Your objective |
All records given below must be printed word for word.

Data shown |
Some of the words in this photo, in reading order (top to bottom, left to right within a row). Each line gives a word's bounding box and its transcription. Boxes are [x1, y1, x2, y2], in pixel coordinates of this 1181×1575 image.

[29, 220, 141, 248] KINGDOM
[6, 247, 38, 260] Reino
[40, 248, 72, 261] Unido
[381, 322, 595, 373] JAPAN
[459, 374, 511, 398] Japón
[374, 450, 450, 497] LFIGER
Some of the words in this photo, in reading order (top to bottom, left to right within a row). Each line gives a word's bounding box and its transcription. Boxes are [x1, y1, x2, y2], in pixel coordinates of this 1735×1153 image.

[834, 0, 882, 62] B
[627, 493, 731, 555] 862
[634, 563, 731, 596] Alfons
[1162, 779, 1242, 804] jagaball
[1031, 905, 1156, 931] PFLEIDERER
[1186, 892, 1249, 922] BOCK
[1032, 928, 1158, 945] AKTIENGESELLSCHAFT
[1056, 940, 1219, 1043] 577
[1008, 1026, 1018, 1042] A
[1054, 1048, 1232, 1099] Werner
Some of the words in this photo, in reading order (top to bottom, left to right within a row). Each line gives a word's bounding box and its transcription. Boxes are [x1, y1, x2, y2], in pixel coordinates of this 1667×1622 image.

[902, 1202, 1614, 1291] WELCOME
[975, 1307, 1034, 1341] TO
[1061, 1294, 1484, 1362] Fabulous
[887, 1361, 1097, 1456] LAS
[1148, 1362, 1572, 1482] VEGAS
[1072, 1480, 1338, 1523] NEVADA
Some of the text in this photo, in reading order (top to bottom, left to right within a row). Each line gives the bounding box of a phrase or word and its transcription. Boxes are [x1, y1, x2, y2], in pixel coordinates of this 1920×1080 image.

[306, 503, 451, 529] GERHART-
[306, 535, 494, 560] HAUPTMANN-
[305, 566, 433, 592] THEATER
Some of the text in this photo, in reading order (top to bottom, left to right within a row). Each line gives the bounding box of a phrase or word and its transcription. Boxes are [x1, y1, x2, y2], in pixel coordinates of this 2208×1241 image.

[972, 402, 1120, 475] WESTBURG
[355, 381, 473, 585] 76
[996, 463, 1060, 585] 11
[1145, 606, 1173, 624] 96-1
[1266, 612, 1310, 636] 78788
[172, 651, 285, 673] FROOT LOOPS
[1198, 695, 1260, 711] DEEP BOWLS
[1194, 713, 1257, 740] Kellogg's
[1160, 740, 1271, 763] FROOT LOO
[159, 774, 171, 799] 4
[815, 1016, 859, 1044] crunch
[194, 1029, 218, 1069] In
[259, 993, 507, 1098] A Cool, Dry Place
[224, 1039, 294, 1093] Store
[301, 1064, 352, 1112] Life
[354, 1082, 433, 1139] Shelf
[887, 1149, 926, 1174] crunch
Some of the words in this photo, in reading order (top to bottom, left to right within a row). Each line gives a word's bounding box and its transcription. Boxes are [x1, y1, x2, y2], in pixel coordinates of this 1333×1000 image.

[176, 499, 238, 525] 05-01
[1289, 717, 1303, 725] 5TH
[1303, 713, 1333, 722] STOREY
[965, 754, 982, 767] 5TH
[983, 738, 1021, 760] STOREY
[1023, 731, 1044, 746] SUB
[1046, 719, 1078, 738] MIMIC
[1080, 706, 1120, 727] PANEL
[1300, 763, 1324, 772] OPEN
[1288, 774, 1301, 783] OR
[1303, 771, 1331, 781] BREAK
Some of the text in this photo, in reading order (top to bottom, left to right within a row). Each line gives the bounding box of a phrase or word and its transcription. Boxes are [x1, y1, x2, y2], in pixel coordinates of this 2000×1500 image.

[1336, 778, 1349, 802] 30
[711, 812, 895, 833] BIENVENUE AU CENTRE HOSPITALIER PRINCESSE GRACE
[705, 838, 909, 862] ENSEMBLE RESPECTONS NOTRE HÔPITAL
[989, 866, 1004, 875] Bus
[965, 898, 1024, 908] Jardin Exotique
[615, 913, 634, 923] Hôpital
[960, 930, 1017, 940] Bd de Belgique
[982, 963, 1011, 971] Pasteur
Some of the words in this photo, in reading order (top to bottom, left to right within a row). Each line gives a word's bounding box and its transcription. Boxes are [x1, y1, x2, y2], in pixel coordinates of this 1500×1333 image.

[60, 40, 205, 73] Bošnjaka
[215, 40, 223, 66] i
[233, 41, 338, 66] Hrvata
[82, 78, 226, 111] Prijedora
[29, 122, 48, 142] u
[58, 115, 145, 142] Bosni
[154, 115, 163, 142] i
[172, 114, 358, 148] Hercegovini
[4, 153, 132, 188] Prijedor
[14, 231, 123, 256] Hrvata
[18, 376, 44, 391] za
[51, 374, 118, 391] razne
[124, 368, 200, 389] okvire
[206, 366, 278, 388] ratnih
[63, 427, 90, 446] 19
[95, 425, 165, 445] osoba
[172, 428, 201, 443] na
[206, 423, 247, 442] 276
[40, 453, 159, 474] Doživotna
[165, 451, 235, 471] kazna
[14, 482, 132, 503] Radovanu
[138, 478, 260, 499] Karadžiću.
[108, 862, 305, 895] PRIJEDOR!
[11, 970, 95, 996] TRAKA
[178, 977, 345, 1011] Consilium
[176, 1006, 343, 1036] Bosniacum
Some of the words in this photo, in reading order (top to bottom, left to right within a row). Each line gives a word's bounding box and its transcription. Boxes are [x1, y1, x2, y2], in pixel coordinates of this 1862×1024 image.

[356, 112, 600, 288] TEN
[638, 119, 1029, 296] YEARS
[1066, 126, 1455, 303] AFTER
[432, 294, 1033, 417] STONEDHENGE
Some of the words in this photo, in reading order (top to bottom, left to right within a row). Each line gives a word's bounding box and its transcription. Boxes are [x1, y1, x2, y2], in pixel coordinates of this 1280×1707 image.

Task output |
Some of the words in this photo, in reading order (top to bottom, left to right within a row). Each line gives a word's bounding box and its transcription. Boxes are [x1, y1, x2, y2], in pixel coordinates of this 1181×1575 image.

[29, 220, 141, 248] KINGDOM
[6, 247, 38, 260] Reino
[40, 248, 72, 261] Unido
[381, 322, 595, 373] JAPAN
[459, 374, 511, 398] Japón
[374, 450, 450, 497] LFIGER
Some of the words in this photo, in reading order (top to bottom, left to right within a row). Each line gives a word's bounding box and its transcription. Boxes are [x1, y1, x2, y2], in pixel coordinates of this 1735×1153 image.

[834, 0, 882, 62] B
[627, 493, 731, 555] 862
[634, 563, 731, 596] Alfons
[1162, 779, 1242, 804] jagaball
[1031, 905, 1156, 931] PFLEIDERER
[1186, 892, 1249, 922] BOCK
[1032, 928, 1158, 945] AKTIENGESELLSCHAFT
[1056, 940, 1219, 1043] 577
[1008, 1026, 1018, 1042] A
[1054, 1048, 1232, 1099] Werner
Some of the words in this photo, in reading order (top to bottom, left to right within a row). Each line gives a word's bounding box and its transcription. Boxes are [x1, y1, x2, y2], in pixel coordinates of this 1667×1622 image.

[902, 1202, 1614, 1291] WELCOME
[975, 1307, 1034, 1341] TO
[1061, 1294, 1484, 1362] Fabulous
[887, 1361, 1097, 1456] LAS
[1148, 1362, 1572, 1482] VEGAS
[1072, 1480, 1338, 1523] NEVADA
Some of the text in this photo, in reading order (top to bottom, left to right within a row). Each line gives the bounding box of a phrase or word and its transcription. Boxes are [x1, y1, x2, y2], in pixel coordinates of this 1920×1080 image.

[306, 503, 451, 529] GERHART-
[306, 535, 494, 560] HAUPTMANN-
[305, 566, 433, 592] THEATER
Some of the text in this photo, in reading order (top to bottom, left to right within a row). Each line gives the bounding box of a phrase or word and its transcription. Boxes are [x1, y1, x2, y2], in pixel coordinates of this 2208×1241 image.

[972, 402, 1120, 475] WESTBURG
[355, 381, 473, 585] 76
[996, 463, 1060, 585] 11
[1145, 606, 1173, 624] 96-1
[1266, 612, 1310, 636] 78788
[172, 651, 285, 673] FROOT LOOPS
[1198, 695, 1260, 711] DEEP BOWLS
[1194, 713, 1257, 740] Kellogg's
[1160, 740, 1271, 763] FROOT LOO
[159, 774, 171, 799] 4
[815, 1016, 859, 1044] crunch
[194, 1029, 218, 1069] In
[259, 993, 507, 1098] A Cool, Dry Place
[224, 1039, 294, 1093] Store
[301, 1064, 352, 1112] Life
[354, 1082, 433, 1139] Shelf
[887, 1149, 926, 1174] crunch
Some of the words in this photo, in reading order (top to bottom, left to right within a row). Each line gives a word's bounding box and its transcription. Boxes are [x1, y1, x2, y2], in pixel coordinates of this 1333×1000 image.

[176, 499, 238, 525] 05-01
[1289, 717, 1303, 725] 5TH
[1303, 713, 1333, 722] STOREY
[965, 754, 982, 767] 5TH
[983, 738, 1021, 760] STOREY
[1023, 731, 1044, 746] SUB
[1046, 719, 1078, 738] MIMIC
[1080, 706, 1120, 727] PANEL
[1300, 763, 1324, 772] OPEN
[1288, 774, 1301, 783] OR
[1303, 771, 1331, 781] BREAK
Some of the text in this photo, in reading order (top to bottom, left to right within a row). Each line gives the bounding box of a phrase or word and its transcription. Boxes are [x1, y1, x2, y2], in pixel coordinates of this 2000×1500 image.

[1336, 778, 1349, 802] 30
[711, 812, 895, 833] BIENVENUE AU CENTRE HOSPITALIER PRINCESSE GRACE
[705, 838, 909, 862] ENSEMBLE RESPECTONS NOTRE HÔPITAL
[989, 866, 1004, 875] Bus
[965, 898, 1024, 908] Jardin Exotique
[615, 913, 634, 923] Hôpital
[960, 930, 1017, 940] Bd de Belgique
[982, 963, 1011, 971] Pasteur
Some of the words in this photo, in reading order (top to bottom, left to right within a row). Each line gives a word's bounding box and its transcription. Boxes are [x1, y1, x2, y2], in pixel coordinates of this 1500×1333 image.

[60, 40, 205, 73] Bošnjaka
[215, 40, 223, 66] i
[233, 41, 338, 66] Hrvata
[82, 78, 226, 111] Prijedora
[29, 122, 48, 142] u
[58, 115, 145, 142] Bosni
[154, 115, 163, 142] i
[172, 114, 358, 148] Hercegovini
[4, 153, 132, 188] Prijedor
[14, 231, 123, 256] Hrvata
[18, 376, 44, 391] za
[51, 374, 118, 391] razne
[124, 368, 200, 389] okvire
[206, 366, 278, 388] ratnih
[63, 427, 90, 446] 19
[95, 425, 165, 445] osoba
[172, 428, 201, 443] na
[206, 423, 247, 442] 276
[40, 453, 159, 474] Doživotna
[165, 451, 235, 471] kazna
[14, 482, 132, 503] Radovanu
[138, 478, 260, 499] Karadžiću.
[108, 862, 305, 895] PRIJEDOR!
[11, 970, 95, 996] TRAKA
[178, 977, 345, 1011] Consilium
[176, 1006, 343, 1036] Bosniacum
Some of the words in this photo, in reading order (top to bottom, left to right within a row). Each line gives a word's bounding box and its transcription. Boxes are [x1, y1, x2, y2], in pixel coordinates of this 1862×1024 image.

[356, 112, 600, 288] TEN
[638, 119, 1029, 296] YEARS
[1066, 126, 1455, 303] AFTER
[432, 294, 1033, 417] STONEDHENGE
Some of the words in this photo, in reading order (top to bottom, left to right within a row). Each line gives a word's bounding box and its transcription. Boxes are [x1, y1, x2, y2], in pixel coordinates of this 1280×1707 image.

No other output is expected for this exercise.